Here's a rundown of a few energy-related items of interest in the tax bill. The Senate version, with hand markups and all, and run through OCR so you can search it, can be accessed here.
1) Wildlife reserves are for drilling
Tax bills aren't just for taxes, and wildlife reserves aren't just for wildlife. After decades of trying, the Senate moved to open the coastal areas of the Alaska National Wildlife Refuge (ANWR) for oil and gas exploration and leasing (see Title II, page 474) of the bill.

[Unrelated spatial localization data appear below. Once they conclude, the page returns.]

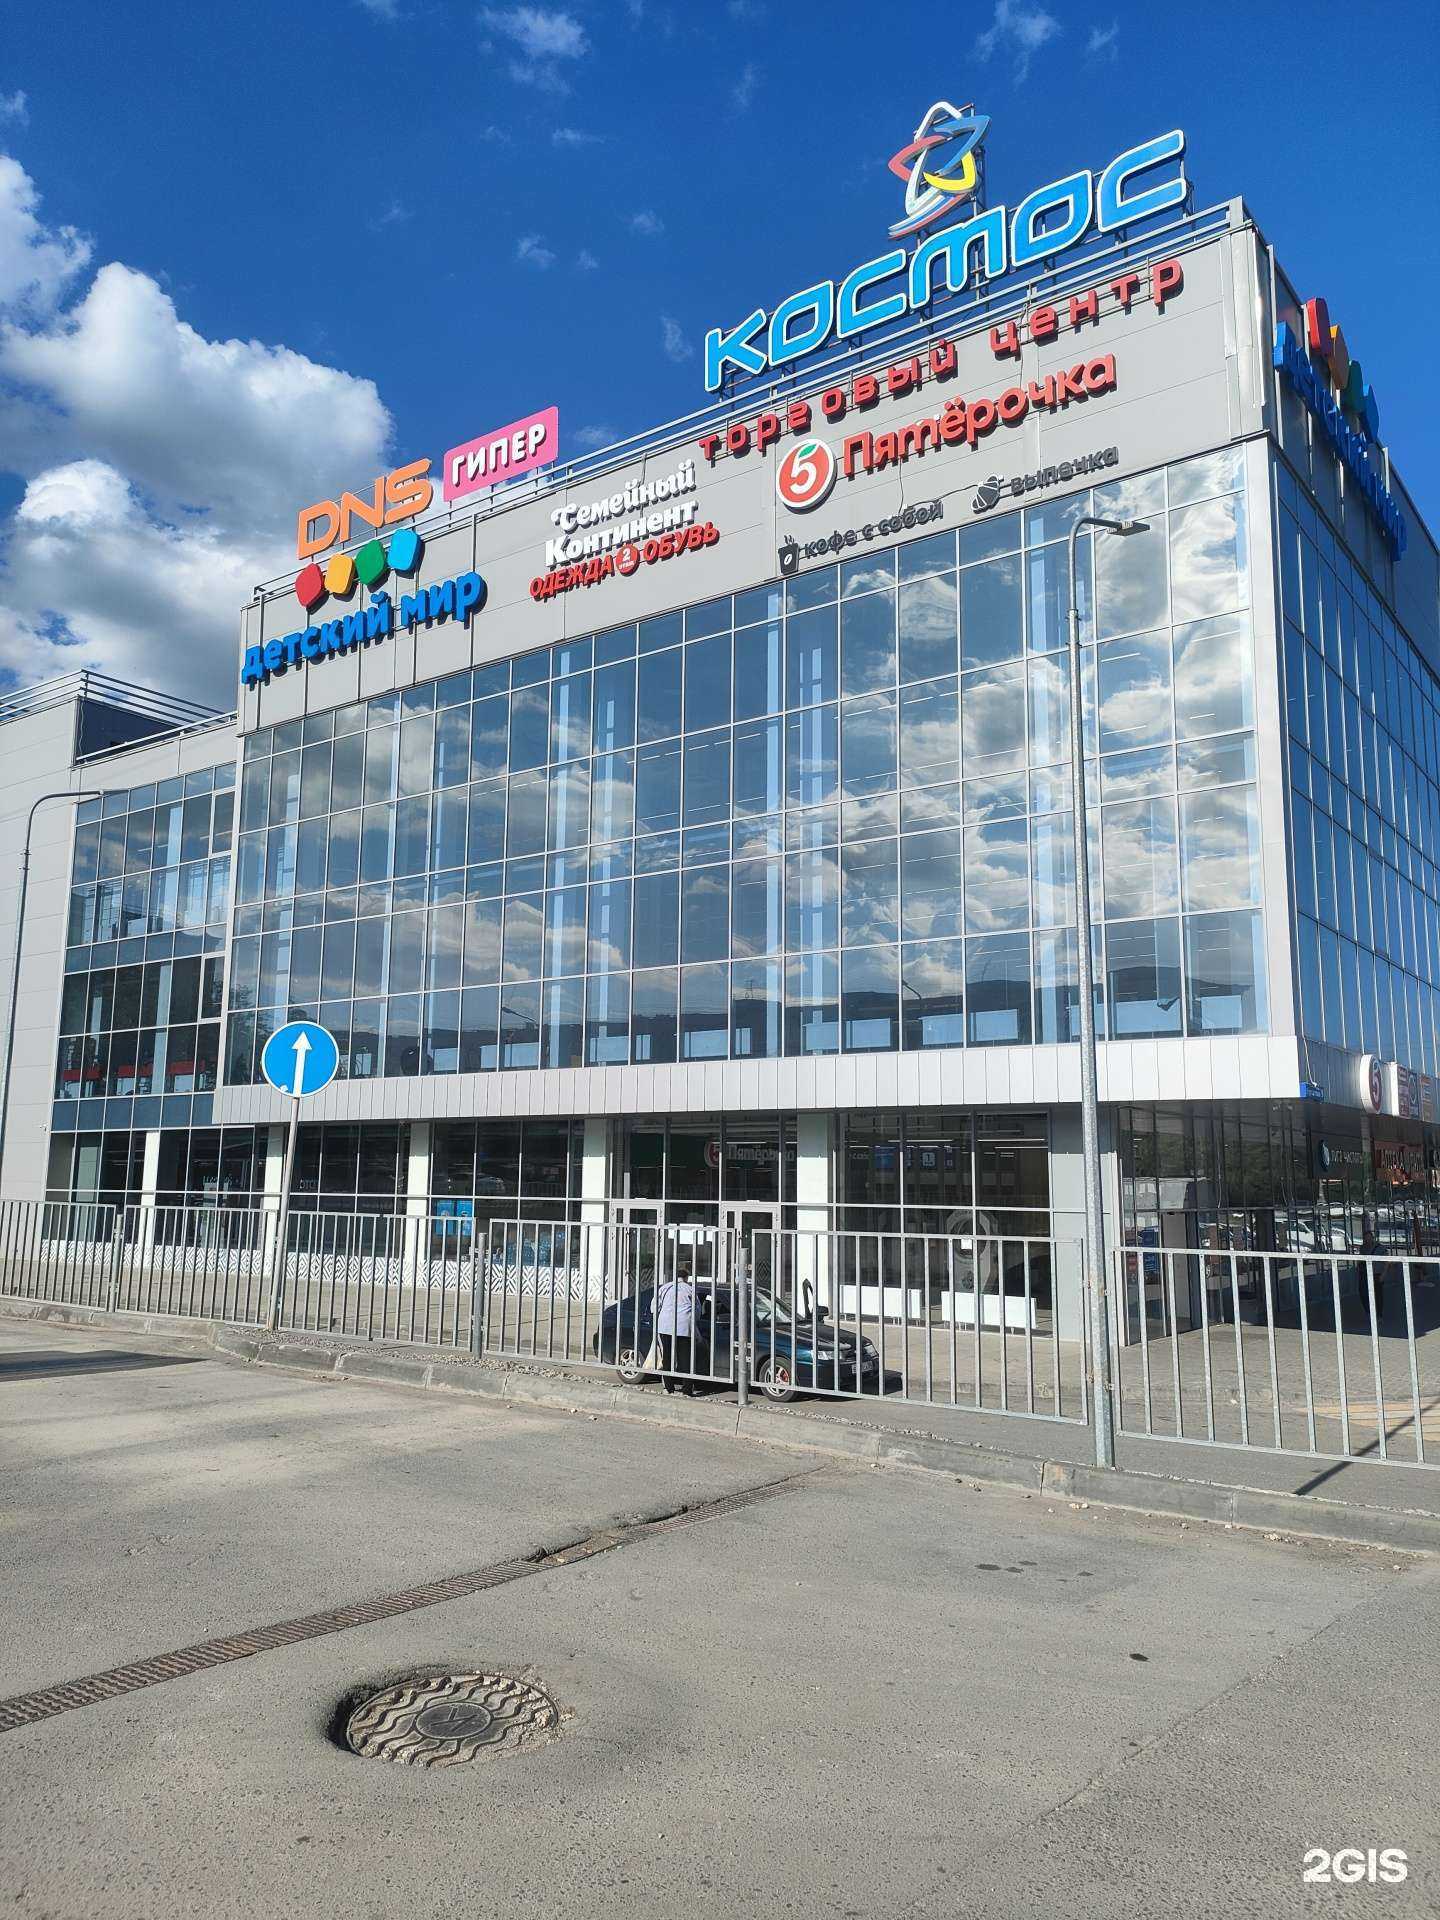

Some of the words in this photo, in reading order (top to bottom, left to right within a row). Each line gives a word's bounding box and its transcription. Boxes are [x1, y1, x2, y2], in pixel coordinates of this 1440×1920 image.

[699, 339, 956, 461] торговый
[990, 259, 1183, 354] центр
[843, 353, 1117, 477] Пятёрочка
[452, 422, 547, 487] ГИПЕР
[296, 457, 433, 560] DNS
[551, 458, 697, 533] Семейный
[804, 527, 857, 558] кофе
[878, 499, 945, 536] собой
[529, 554, 615, 601] ОДЕЖДА
[642, 521, 720, 563] ОБУВЬ
[545, 500, 699, 567] Континент
[622, 547, 632, 561] 2
[400, 571, 486, 624] мир

Some background on the remaining hurdles and not so great economics of oil and gas in ANWR are found in this useful piece by Oil Change's Andy Rowell. Analysis I did with the Stockholm Environmental Institute looking at field-level data across the US also indicated these areas well below breakeven at current market prices.
No such ambiguity about the move can be seen from Alaska Senator Lisa Murkowski though. She fought hard for this change and believes it'll bring great wealth even if scientists and economists don't. But other short-term factors are also driving this decision. First, Alaska's budget remains heavily dependent on oil and gas revenues -- something that aging fields and falling prices have hurt. Second, the Trans-Alaska Pipeline System (TAPS) needs more product to keep the unit costs low and the infrastructure maintained. Indeed, it turns out that getting flow from ANWR was a core assumption when it was designed.In his extensive article on the role of boosting flow in pushing for drilling in ANWR, Philip Wight notes that "In 1970, M.A. “Mike” Wright, the CEO of Humble Oil (soon to be renamed Exxon), delivered extemporaneous remarks to a government task force and offered a rare glimpse of the oil industry’s plans for Arctic development. Wright explained that the industry committed to a 48-inch-diameter pipeline in part because it anticipated drilling offshore in the Arctic Ocean and restricted onshore areas, including the Arctic National Wildlife Refuge. Production from these areas would be necessary to realize the pipeline’s optimum daily flow. Wright’s statements were not only the first public announcement that the oil industry wanted to drill in ANWR, but a revelation that the pipeline’s design was intimately tied to extracting oil from it." And boosting the flows will reduce unit costs, reduce operating costs (low flows in a massive diameter line cost more to keep moving), and boost confidence in continued service to existing fields that would be stranded were the line to close. One final benefit of keeping TAPS running: pipeline operator Alyeska can continue to defer its responsibility (and associated cost) to dismantle the pipeline and clean up the right-of-way.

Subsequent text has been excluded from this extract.